Media reported the story of the song's instant success and the public relations humiliation for United Airlines. Attempting to put a positive gloss on the incident and the song, a company spokesman called it "excellent". Rob Bradford, United's managing director of customer solutions, telephoned Carroll to apologize for the incident and to ask for permission to use the video for internal training. United claimed that it hoped to learn from the incident, and to change its customer service policy accordingly.

Bob Taylor, owner of Taylor Guitars, immediately offered Carroll two guitars and other props for his second video. The song hit number one on the iTunes Music Store the week following its release. The belated compensation offer of $3,000, which United donated to the Thelonious Monk Institute of Jazz as a "gesture of goodwill," failed to undo the damage done to its image (it was later revealed that the Thelonious Monk Institute of Jazz was, at the time, chaired largely by United executives and used United Airlines exclusively for its corporate travel). In response to his protest's success, Carroll posted a video address thanking the public for their support while urging a more understanding and civil attitude towards Ms. Irlweg, who was just doing her job in accordance with mandated company policies in this affair.

Since the incident, Carroll has been in great demand as a speaker on customer service.
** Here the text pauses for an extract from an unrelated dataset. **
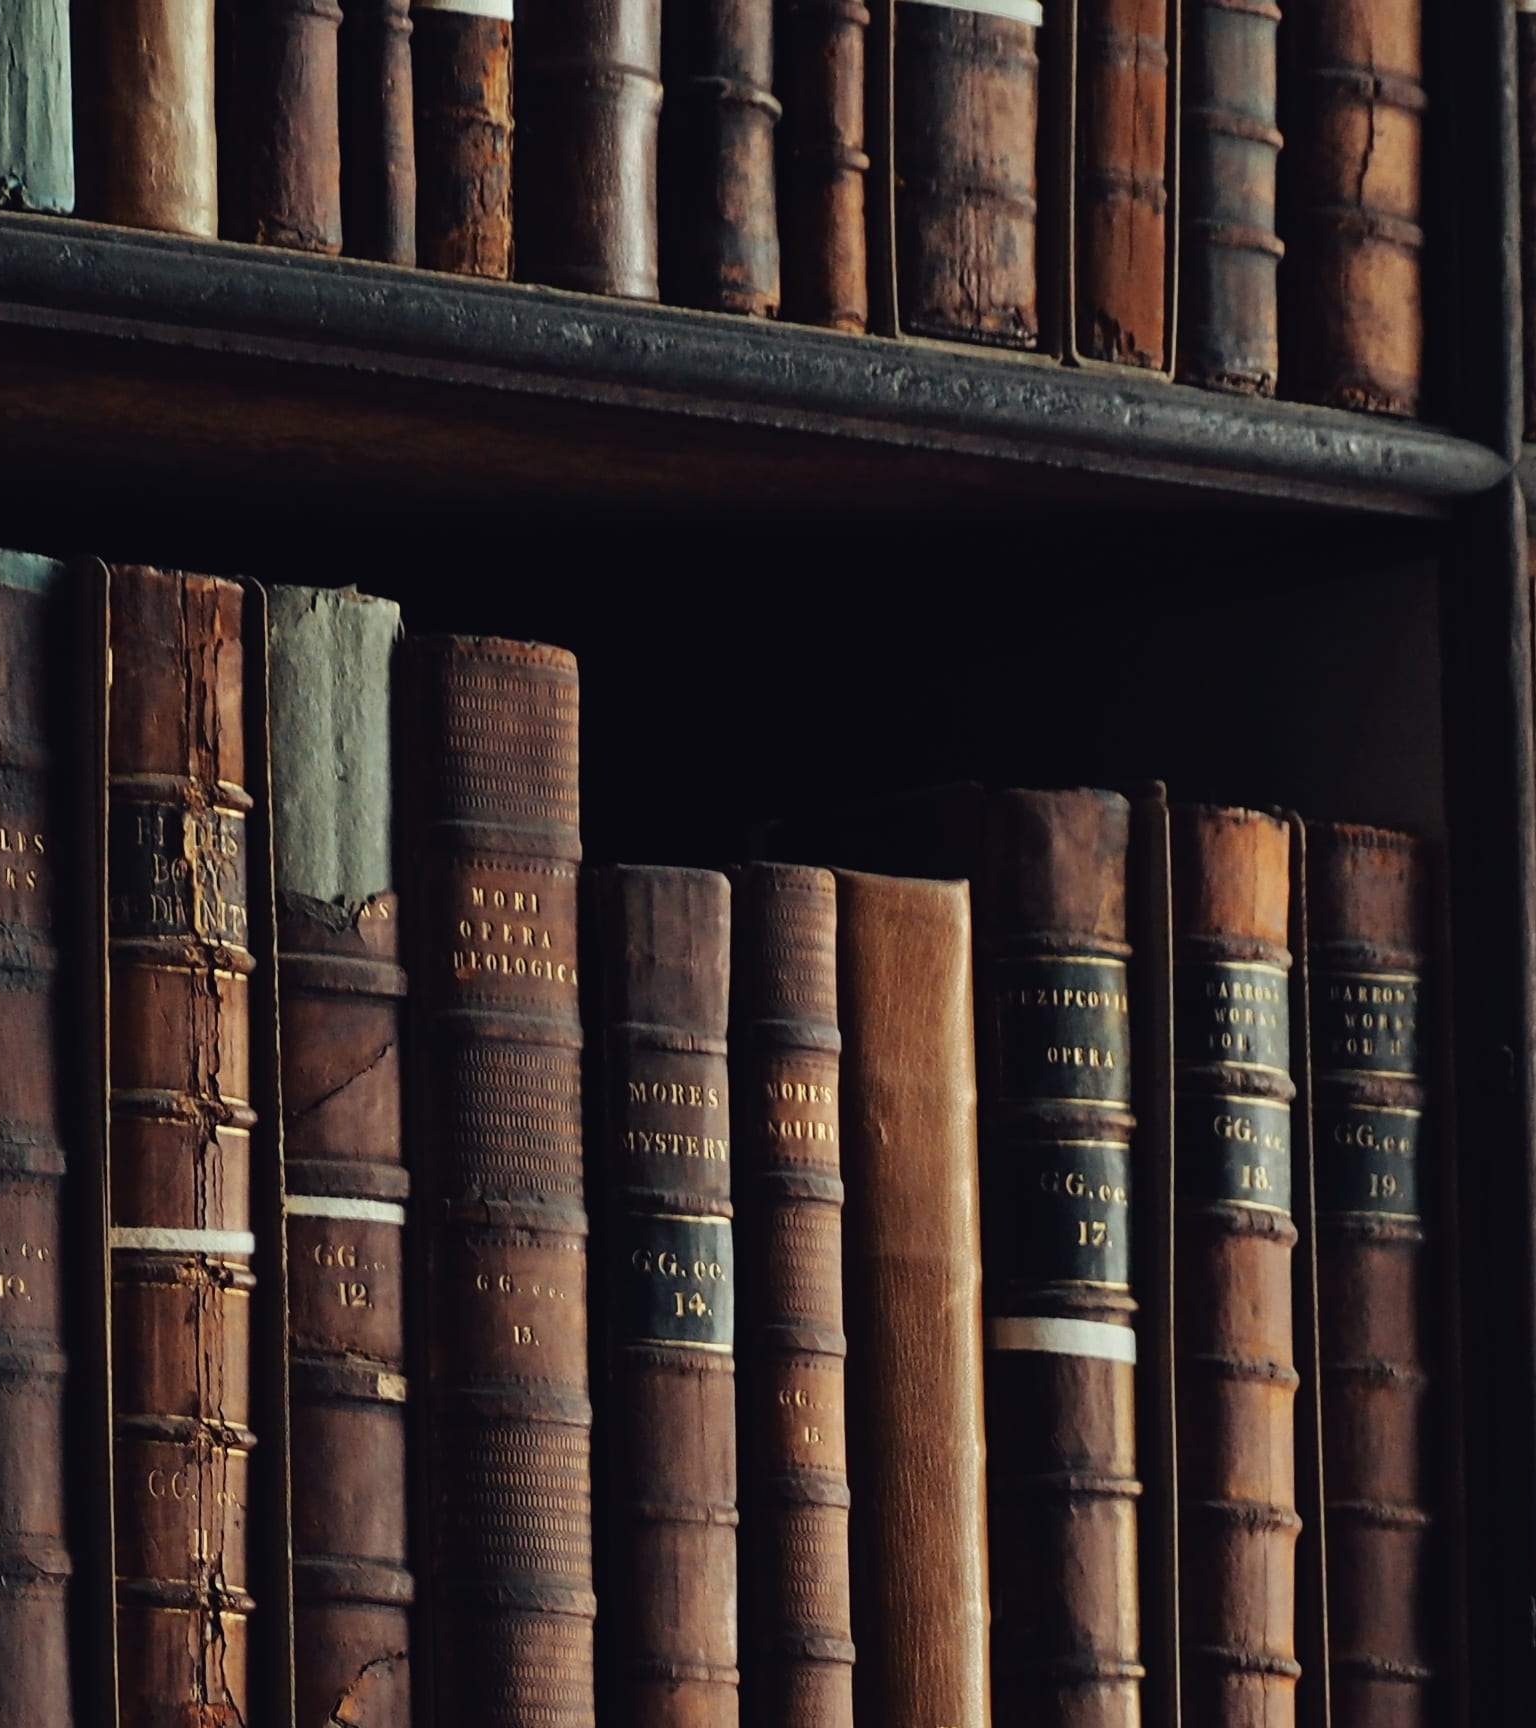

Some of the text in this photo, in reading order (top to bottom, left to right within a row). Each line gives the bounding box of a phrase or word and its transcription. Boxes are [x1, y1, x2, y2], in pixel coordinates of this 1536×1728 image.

Coincidentally, United Airlines lost his luggage on one of his trips as a speaker.

In December 2009, Time magazine named "United Breaks Guitars" No. 7 on its list of the Top 10 Viral Videos of 2009.

In January 2012, Carroll and "United Breaks Guitars" were featured in the CBC/CNBC documentary Customer (Dis)Service.

In May 2012, Carroll published a book, United Breaks Guitars: The Power of One Voice in the Age of Social Media, detailing his experiences.

In January 2013, the success of Carroll's online protest was used by the German television and news service Tagesschau to exemplify a new kind of threat facing corporations in the internet age.

In June 2013, NBC's Today Show discussed "how to properly complain and get what you want" and used a Carroll video as an example of an excellent way to complain while remaining "respectful" and "not yelling".

In April 2017, Carroll stated in an interview with As It Happens that the same problem in his song had emerged in the incident aboard Flight 3411 in which a passenger was forcibly removed from a plane, and thought it had to do with the culture in United Airlines which showed a lack of compassion.

== Stock price effect ==
It was widely reported that within four weeks of the video being posted online, United Airlines' stock price fell 10%, costing stockholders about $180 million in value. But this claim is difficult to substantiate. On July 6, 2009, United Airlines opened at $3.31 and dipped to an intra-day low $3.07 (-7.25%) on 10 July, but that very day closed at $3.26 and traded as high as $6.00 (+81.27%) four weeks later on August 6.

==See also==
- Tom Paxton had a similar experience with Republic Airlines, which he recounted in the song "Thank You, Republic Airlines" on his 1985 album One Million Lawyers and Other Disasters.